▶ **TASK ITEM**
The answer must reproduce the listing exactly, with every picture left out.

▶ **DATA RECORDS**
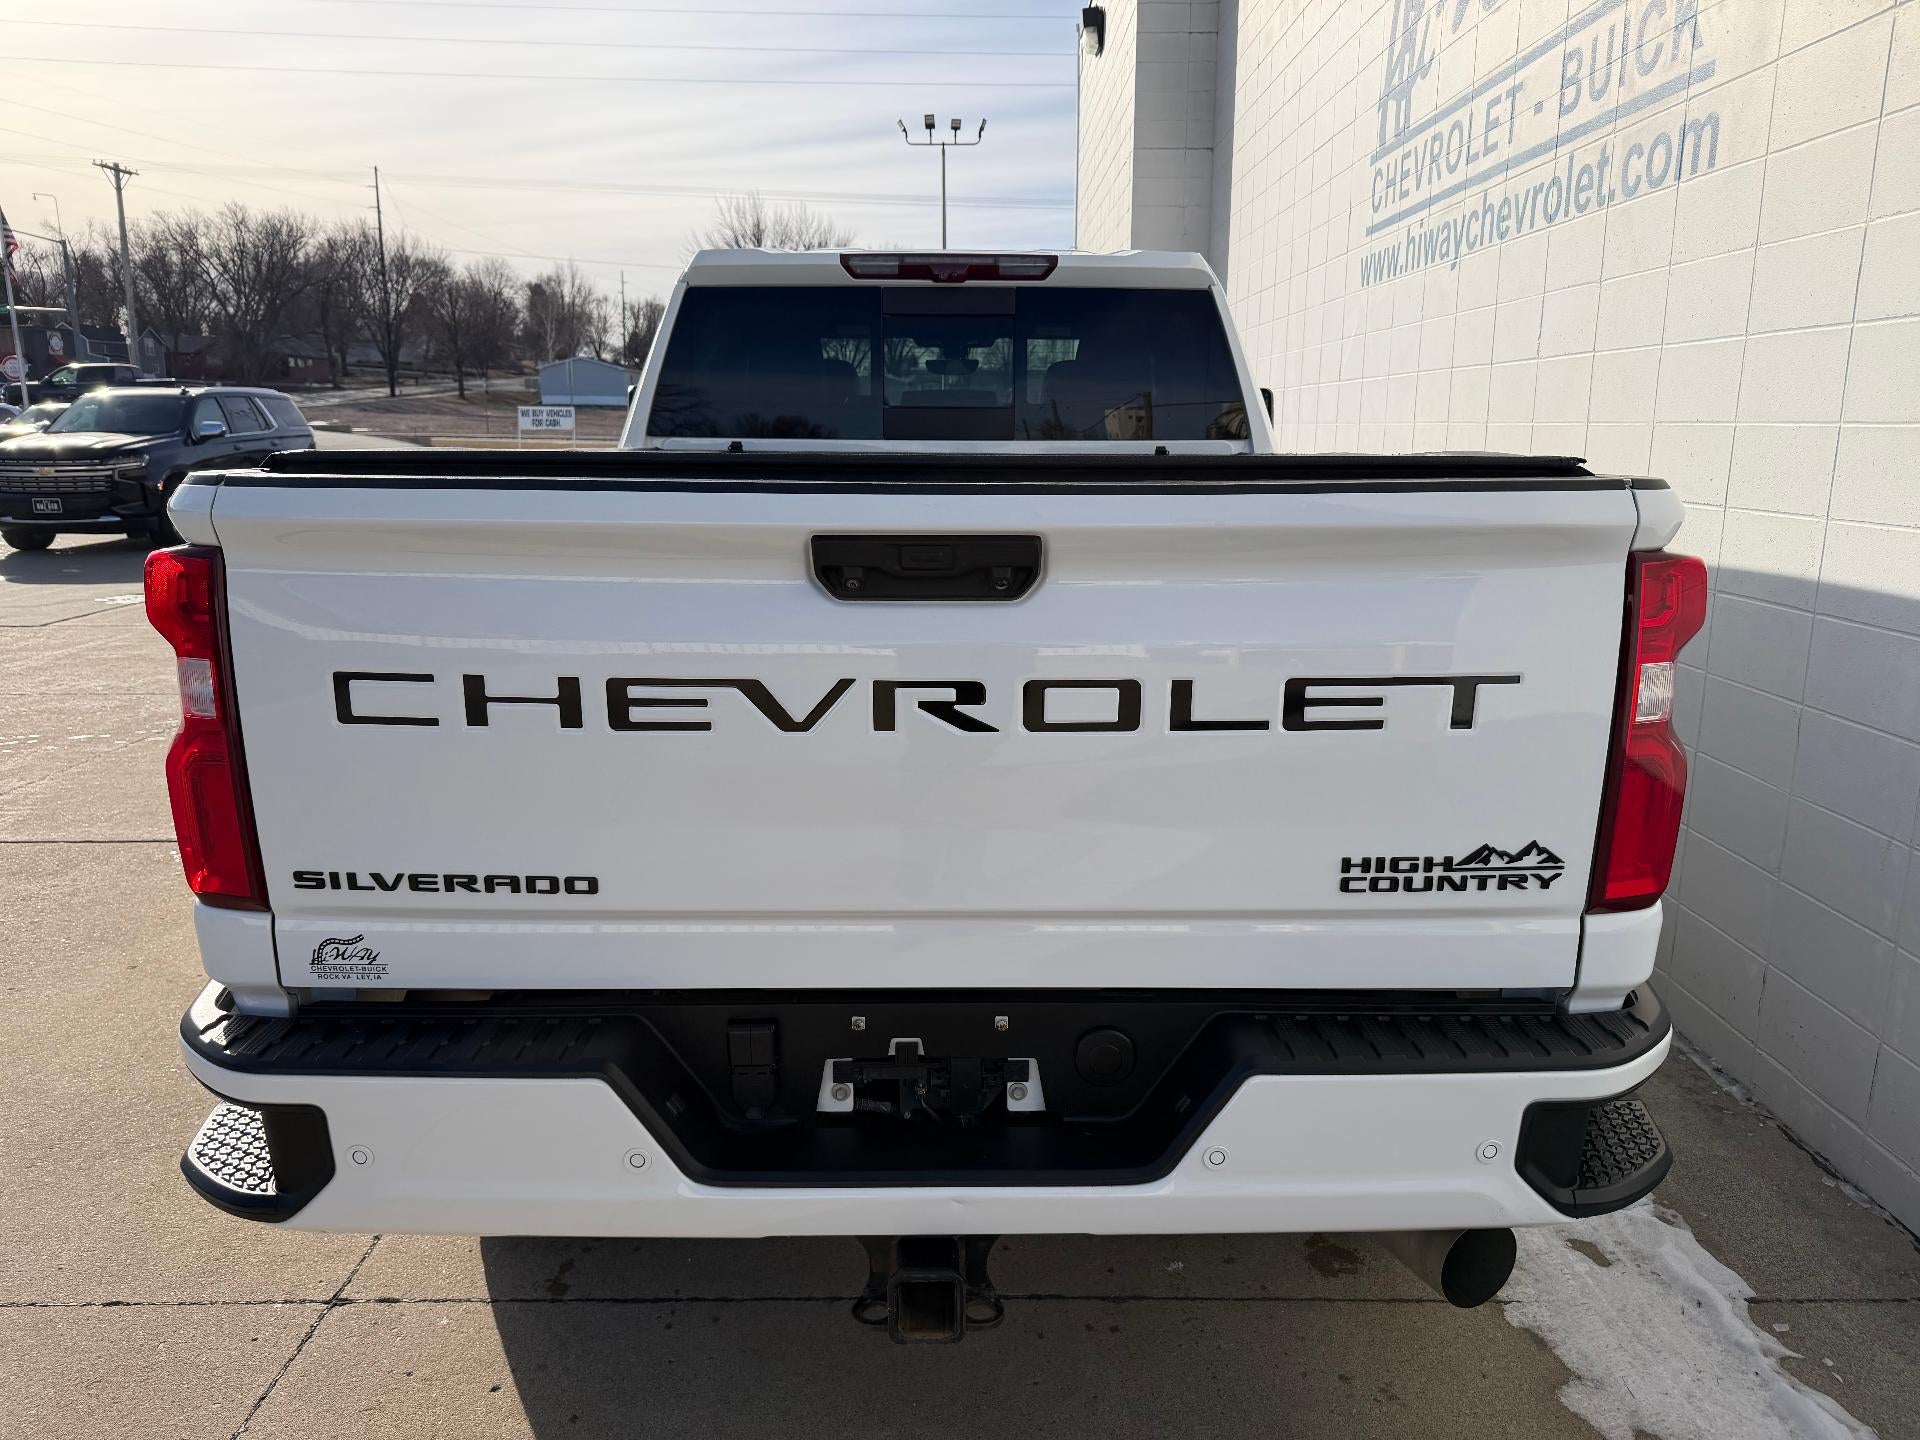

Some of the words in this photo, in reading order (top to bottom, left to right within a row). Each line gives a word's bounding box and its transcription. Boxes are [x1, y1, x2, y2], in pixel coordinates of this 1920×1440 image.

[1372, 82, 1523, 214] CHEVROLET
[1559, 0, 1705, 118] BUICK
[1360, 111, 1721, 288] www.hiwaychevrolet.com
[521, 409, 530, 418] WE
[532, 409, 544, 418] BUY
[532, 419, 543, 427] FOR
[545, 419, 561, 427] CASH
[333, 671, 1521, 732] CHEVROLET
[1341, 856, 1453, 873] HIGH
[293, 871, 599, 894] SILVERADO
[1340, 873, 1563, 893] COUNTRY

▶ **OUTPUT OF THE EXERCISE**
Some of the words in this photo, in reading order (top to bottom, left to right within a row). Each line gives a word's bounding box and its transcription. Boxes are [x1, y1, x2, y2], in pixel coordinates of this 1920×1440 image.

[1372, 82, 1523, 214] CHEVROLET
[1559, 0, 1705, 118] BUICK
[1360, 111, 1721, 288] www.hiwaychevrolet.com
[521, 409, 530, 418] WE
[532, 409, 544, 418] BUY
[532, 419, 543, 427] FOR
[545, 419, 561, 427] CASH
[333, 671, 1521, 732] CHEVROLET
[1341, 856, 1453, 873] HIGH
[293, 871, 599, 894] SILVERADO
[1340, 873, 1563, 893] COUNTRY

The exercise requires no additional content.